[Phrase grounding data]
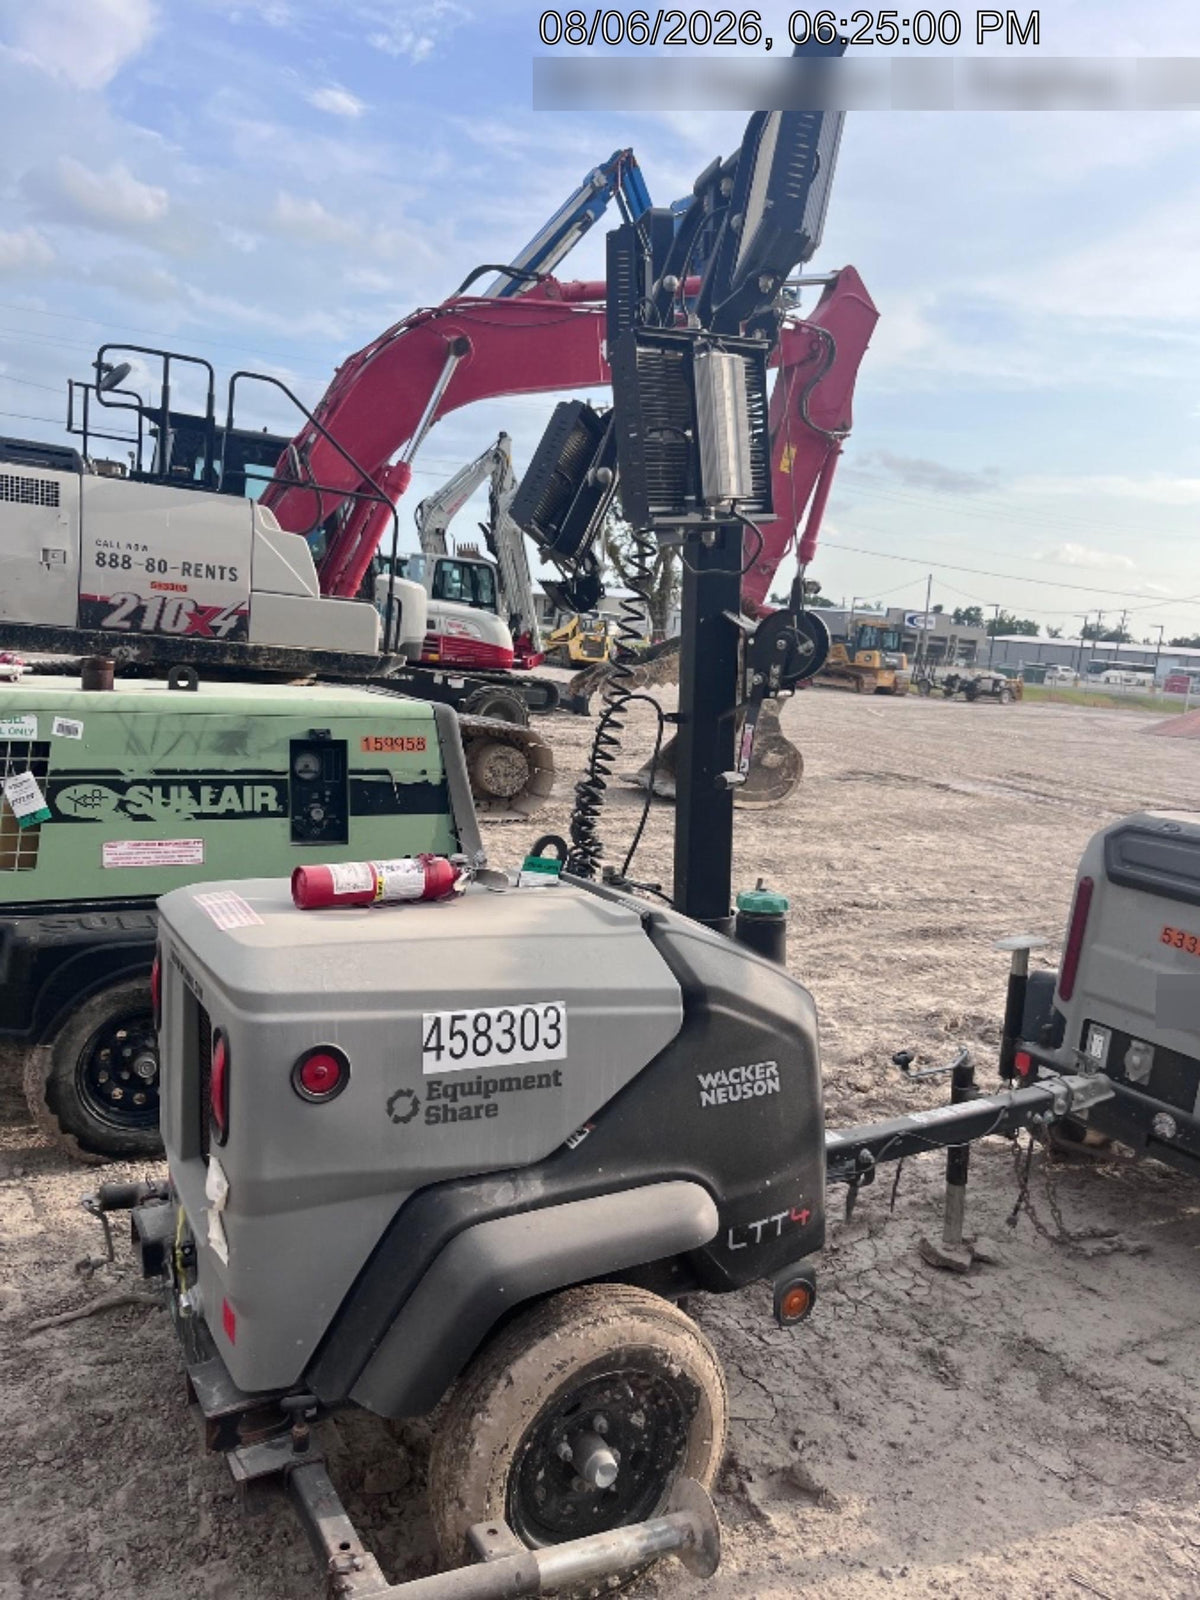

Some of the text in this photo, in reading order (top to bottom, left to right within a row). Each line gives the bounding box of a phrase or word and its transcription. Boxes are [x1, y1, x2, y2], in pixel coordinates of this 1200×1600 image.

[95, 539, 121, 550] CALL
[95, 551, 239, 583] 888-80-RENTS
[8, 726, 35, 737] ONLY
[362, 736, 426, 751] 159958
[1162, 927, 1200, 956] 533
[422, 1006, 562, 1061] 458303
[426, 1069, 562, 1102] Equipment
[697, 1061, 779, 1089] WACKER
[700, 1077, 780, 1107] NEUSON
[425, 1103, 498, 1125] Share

◆ Work item ◆
Every line above should be printed again word for word, without its pictures.

◆ Response ◆
Some of the text in this photo, in reading order (top to bottom, left to right within a row). Each line gives the bounding box of a phrase or word and its transcription. Boxes are [x1, y1, x2, y2], in pixel coordinates of this 1200×1600 image.

[95, 539, 121, 550] CALL
[95, 551, 239, 583] 888-80-RENTS
[8, 726, 35, 737] ONLY
[362, 736, 426, 751] 159958
[1162, 927, 1200, 956] 533
[422, 1006, 562, 1061] 458303
[426, 1069, 562, 1102] Equipment
[697, 1061, 779, 1089] WACKER
[700, 1077, 780, 1107] NEUSON
[425, 1103, 498, 1125] Share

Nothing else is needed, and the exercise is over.